Analysis of experimental results of breaking oil shale with the jet devices

The red dotted lines in Fig 13 to Fig 20 represent the fractured region boundaries on the oil shale sample that were impacted by the different high-pressure water jets. Five conclusions can be obtained from the above experimental results of breaking oil shale:

First, regardless of the water jet type, it is easier to break oil shale when the high-pressure water jets are in the parallel bedding direction than when the water jets are in the vertical bedding direction of the oil shale. This conclusion is mainly determined by the schistosity of oil shale.

Second, the degree of difficulty in breaking oil shale of water jet is related to its own integrity. When there is microcrack or crack in oil shale, it is easier to be broken with water jet.

Third, although the cavitating water jet has a strong ability of cavitation erosion, its effective jet distance to break oil shale is shorter than other two kinds of water jets. The larger energy attenuation of submerged water jet is the main reason for this conclusion. Therefore, the non-submerged water jet is more efficient in breaking oil shale.

Fourth, as the non-submerged water jet, the pulsed water jet is produced by the self-excited oscillation pulsed jet nozzle which has the stronger effect of breaking oil shale under the lower jet pressure. Its effect of breaking oil shale is more significant than the direct water jet which is produced by the straight cone nozzle. The more significant effect of breaking oil shale by the pulsed water jet means that the effective jet distance to break oil shale is longer, the jet time to break oil shale is shorter, and the jet pressure to break oil shale is lower. However, it is necessary to note that when the self-excited oscillation pulsed jet nozzle is used to produce pulsed water jet to break oil shale, it requires a pump to provide more jet flow than the other two types of water jets. Moreover, if the jet pressure continues to be increased, the required jet flow will be greater, so the demand for the capacity of pump will also be higher.

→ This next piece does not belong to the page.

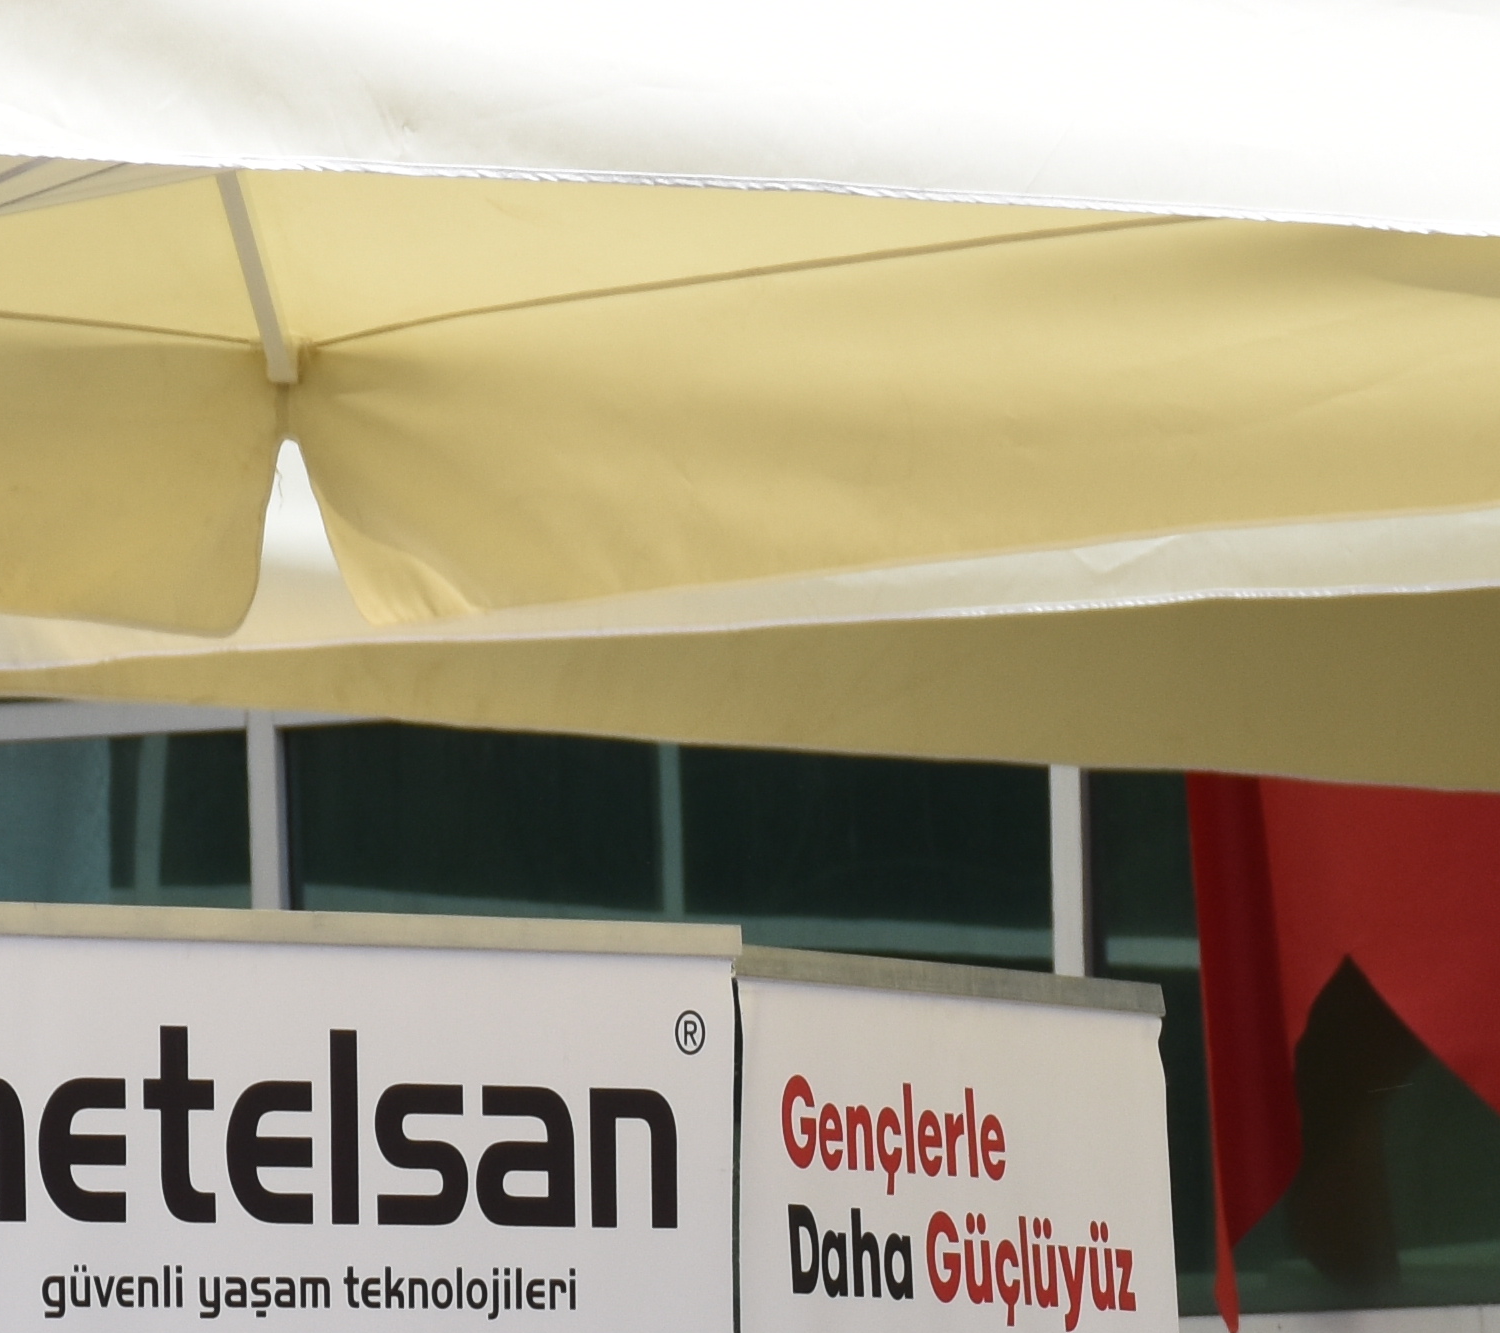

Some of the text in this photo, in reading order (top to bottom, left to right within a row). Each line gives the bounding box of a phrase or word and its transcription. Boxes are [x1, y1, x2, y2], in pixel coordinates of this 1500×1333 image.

Fifth, in these experiments of breaking oil shale by jet devices, the best effect of breaking oil shale comes from the self-excited oscillation pulsed jet nozzle under the non-submerged condition. Therefore, the best scheme of borehole hydraulic mining for oil shale as follows: Firstly, it is preferred to use the self-excited oscillation pulsed jet nozzle. That also means the optimal jet type is non-submerged pulsed water jet. Secondly, the optimal pulsed water jet direction is parallel to the bedding direction of oil shale. Thirdly, under the preconditions of ensuring the safety and reliability of the hydraulic mining equipment and pipelines connection, the jet pressure and jet flow should be raised as much as possible.

Discussion

As discussed above, in the process of the borehole hydraulic mining for underground oil shale, the most critical step is using high-pressure water jet which is ejected by the jet device to break the underground oil shale into several small pieces and then peel them off from the parent rock. Moreover, in the case of using only a borehole to implement the borehole hydraulic mining for underground oil shale, the farther the effective water jet distance to break oil shale, the greater the scope of the mining. That means the more oil shale can be mined based on a same borehole. Also, the ability of high-pressure water jet to break the oil shale has crucial influence on the efficiency of the borehole hydraulic mining for underground oil shale. This also means the cost of the borehole hydraulic mining for underground oil shale will be lower. Therefore, to explore a jet device which has excellent water jet performance is very important and meaningful.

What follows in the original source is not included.